We present experiments with combined reactive and resistive loads on a testbed based on the Controlled-Delivery power Grid (CDG) concept. The CDG is a novel data-based paradigm for distribution of energy in smart cities and smart buildings. This approach to the power grid distributes controlled amounts of power of loads following a request-grant protocol performed through a parallel data network. This network is used as a data plane that notifies the energy supplier about requests and inform loads of the amount of granted power. The energy supplier decides the load, amount, and the time power is granted. Each load is associated with a network address, which is used at the time when power is requested and granted. In this way, power is only delivered to selected loads. Knowing the amount of power being supplied in the CDG requires knowing the precise amount of power demand before this is requested. While the concept works well for an array of resistive loads, it is unclear how to apply it to reactive loads, such as motors, whose power consumption varies over time. Therefore, in this paper, we implement a testbed with multiple loads, two light bulbs as resistive loads and an electrical motor as a reactive load. We then propose to use power profiles for the adoption of the request-grant protocol in the CDG concept. We adopt the use of power profiles to leverage the generation of power requests and evaluate the efficiency of the request-grant protocol on the amount of supplied power. In addition, the deviation of delivered power in the data and power planes is evaluated and results show that the digitized power profile of the reactive loads enables the issuing of power requests for such loads with high accuracy. 

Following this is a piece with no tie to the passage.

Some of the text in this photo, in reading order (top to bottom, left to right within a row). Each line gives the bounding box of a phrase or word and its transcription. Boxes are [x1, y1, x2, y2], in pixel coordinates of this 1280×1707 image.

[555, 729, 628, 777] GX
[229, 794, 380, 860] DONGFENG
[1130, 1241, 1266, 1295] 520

We present a feasibility analysis of the controlled delivery power grid (CDG) that uses aggregated power request by users to reduce communications overhead. The CDG, as an approach to the power grid, uses a data network to communicate requests and grants of power in the distribution of electrical power. These requests and grants allow the energy supplier know the power demand in advance and to designate the loads and the time when power is supplied to them. Each load is assigned a power-network address that is used for communication of requests and grants with the energy supplier. With addressed loads, power is only delivered to selected loads. However, issuing a request for power before delivery takes place requires knowing the demand of power the load consumes during the operation interval. However, it is a general concern that having issuing requests in a time-slot basis may risk request losses and therefore, generate intermittent supply. Therefore, we propose request aggregation to minimize the number of requests issued. We show by simulation that the CDG with request aggregation attains high performance, in terms of satisfaction ratio and waiting time for power supply. 

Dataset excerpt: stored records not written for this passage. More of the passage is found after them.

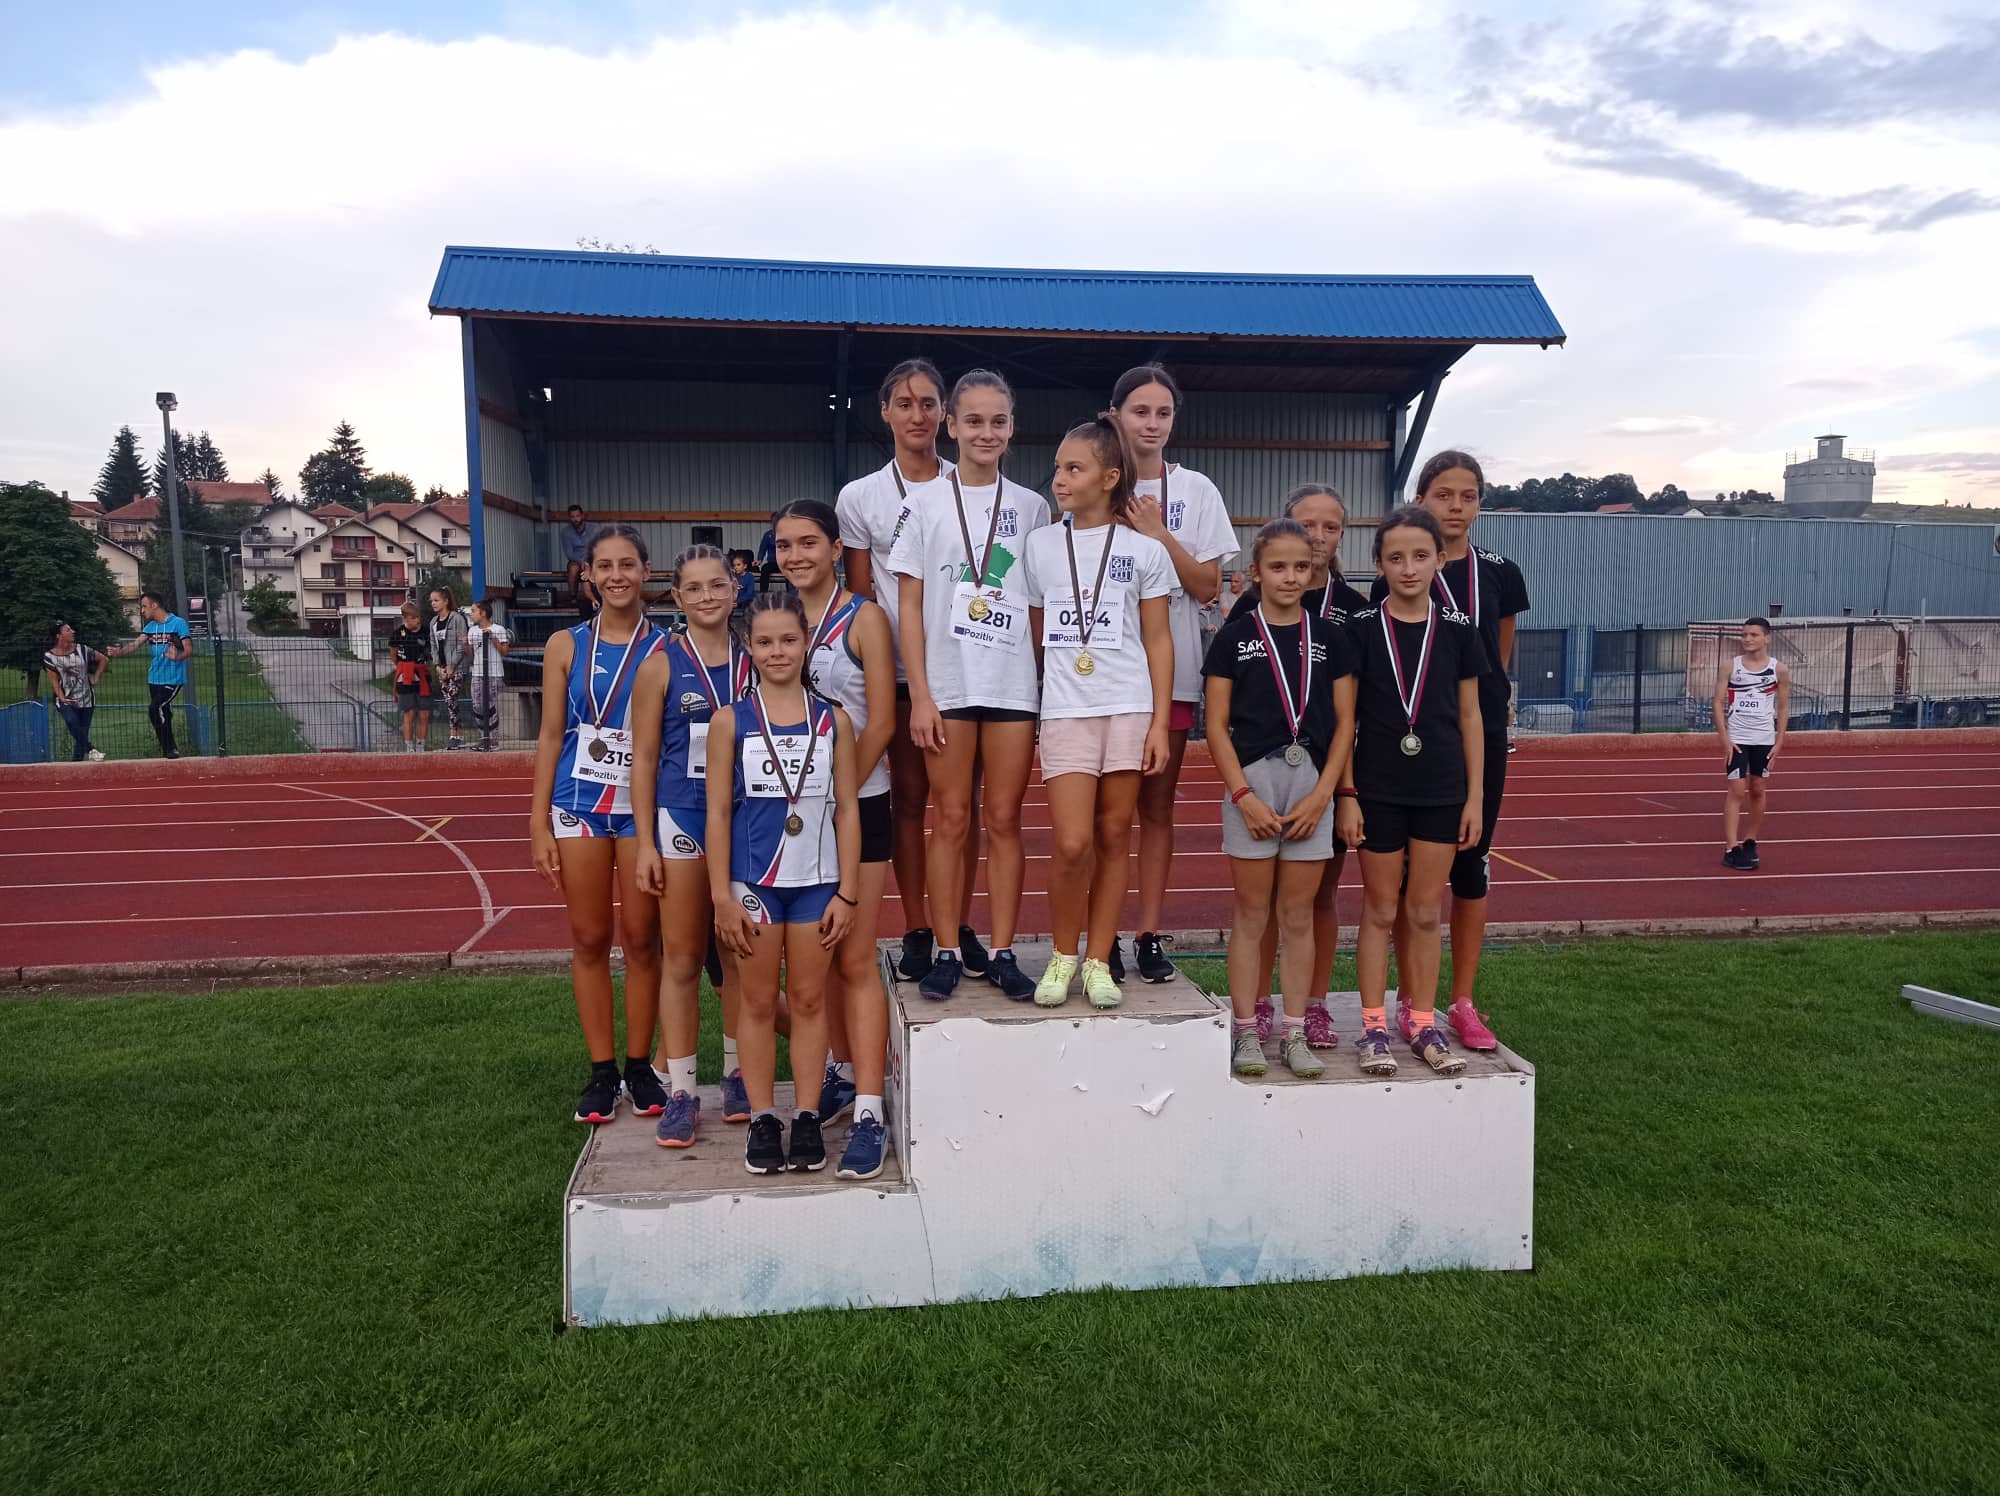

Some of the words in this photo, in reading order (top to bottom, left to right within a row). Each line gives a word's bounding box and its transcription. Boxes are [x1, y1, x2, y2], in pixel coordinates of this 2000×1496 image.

[968, 609, 1012, 630] 281
[1059, 610, 1111, 627] 0284
[1442, 606, 1470, 624] SAK
[963, 628, 994, 642] Pozitiv
[1058, 633, 1083, 642] Pozit
[1237, 640, 1266, 653] SAK
[1739, 700, 1760, 709] 0261
[593, 750, 633, 767] 319
[588, 769, 618, 781] Pozitiv

Resilience of the power grid is most challenged at power blackouts since the issues that led to it may not be fully resolved by the time the power is back. In this paper, a Real-Time Energy Management Algorithm (RTEMA) has been developed to increase the resilience of power systems based on the controlled delivery grid (CDG) concept. In a CDG, loads communicate with a central controller, periodically sending requests for power. The central controller runs an algorithm, based on which it may decide whether to grant the requested energy fully or partially. Therefore, the CDG limits loads discretionary access to electric energy until all problems are resolved. The developed algorithm aims at granting most or all of the requested loads, while maintaining the health of the power system (i.e. the voltage at each bus, and the line loading are within acceptable limits), and minimizing the overall losses. An IEEE 30-bus standard Test Case, encountering a blackout condition, with high penetration of microgrids, has been used to test the developed algorithm. Results proved that the developed algorithm with the CDG have the potential to substantially increase the resilience of power systems.